Stop them if they pose a threat. Detain them if they don't. If they survive
that (and you should attempt to ensure it), put them on trial. Do this under
the full klieglights of the world, and let them be judged by the
International community. Do the same with our own terrorists. Including
those in high-office. That way we stand a chance of eventually replacing
hate with law rather than simply escalating violence.

[Hermit 3] Where we can't stop or identify terrorists, we have to make a
deal with them to remove the threat. Don't kill people's children and then
try to make a deal with them, the probability the deal will be successful is
slim and the probability that they will harm you and they can high. Not
sensible. Iraq already has over a million dead to mourn, at American hands.
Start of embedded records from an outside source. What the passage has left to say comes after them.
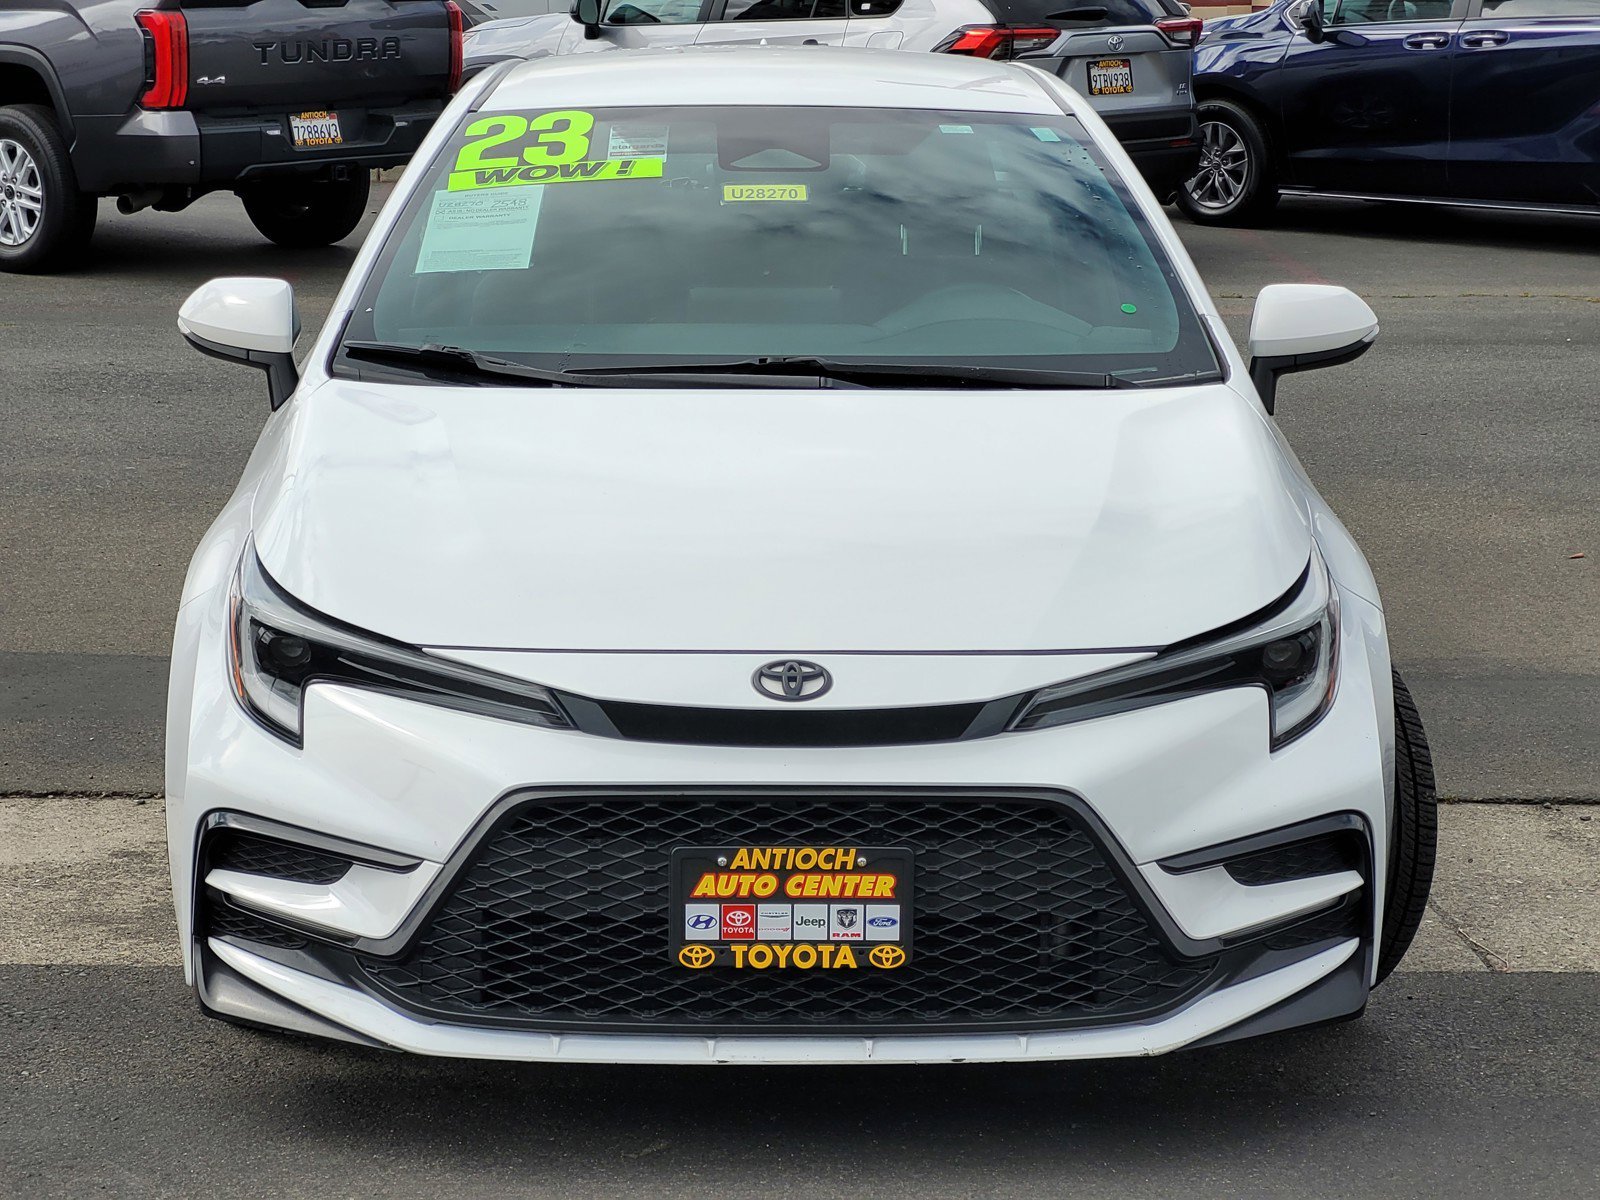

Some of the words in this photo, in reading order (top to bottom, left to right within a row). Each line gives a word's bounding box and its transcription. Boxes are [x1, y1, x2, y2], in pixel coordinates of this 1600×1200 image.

[252, 37, 401, 65] TUNDRA
[1099, 60, 1121, 68] ANTIOCH
[1092, 72, 1130, 88] 9TBV938
[1102, 86, 1125, 94] TOYOTA
[301, 111, 327, 119] ANTIOCH
[293, 123, 339, 140] 72886V3
[306, 137, 333, 146] TOYOTA
[455, 110, 595, 171] 23
[731, 188, 799, 199] U28270
[730, 847, 857, 870] ANTIOCH
[690, 873, 779, 898] AUTO
[784, 873, 897, 898] CENTER
[795, 916, 826, 928] Jeep
[873, 918, 893, 927] Ford
[730, 944, 857, 970] TOYOTA
[Joe Dees 3] If Saddam Hussein truly cared about those kids for anything
except as dead propaganda tools, all he'd have to do would be to abandon WMD
programs and allow international monitors of the uses to which he put water
purification equipment and chemicals.

[Hermit 3] He says that he has no such programs and he has offered to
(although legally he cannot be forced to) show that the water systems are
safe. The US has persisted in using their veto to prevent Iraq from
obtaining the water needed to stop the deaths. By your logic, the US does
not care about these kids except as tools to interfere in Iraq's internal
affairs. That sounds far worse than Saddam Hussein to me.

[Joe Dees 3] His hands are the bloody ones; we are just unwilling to give
him the wherewithal to trade their blood (which he could indeed not spill if
he wished to spend the gigapetrobucks for their benefit) for our own, a
chance he would jump at like a frog on speed.

[Hermit 3] What you have stated very conclusively is that our hands are
bloody and that children are dying because of our choices (rather theirs
than ours). The question is how to fix the problem. Ten years, and three
presidents have shown that American policies are futile, and all that you
are suggesting is more of the same. Which undoubtedly lessens the chance for
any rational conclusion. Time to question your premises.

<snip>

[Hermit 3] I am not going to add China to this discussion - that will be
really messy as they are also involved (heavily) in ME intervention and
meddling. But it did serve to make the point that the US is as motivated by
money and power as Russia. Which is all that I was saying.

[Joe Dees 3] Their use of chemical weapons in the extinction of entire
villages does not appear to be token or inefficacious to me, nor does their
undoubtable willingness to supply them to third parties for importation and
use here. And some of the equipment could be modified to produce and
concentrate much more lethal biological agents. And are you maintaining
that all starving people in Iraq suffer from dysentery?

[Hermit 3] I have discussed the fact that chemical weapons have a low PoK in
my previous post - and even when deployed against the unprotected Kurds,
they were deployed with cluster munitions - and the vast majority of the
kills were made by the bomblet payloads

[Hermit 3] I remind you that the attacks on the Kurds were made in a war
situation (with Iran) when Iraq apparently believed that they had made cause
with Iran. I find this not unbelievable (but still inexcusable). Just as I
found US hits on Korean "sympathizer villages" unacceptable - and the same
for SADF hits on suspected Namibian "sympathizers". Civilians are not
legitimate targets no matter how you kill them. Napalm, cluster bombs or
gas. They all have the same intended and unacceptable end result.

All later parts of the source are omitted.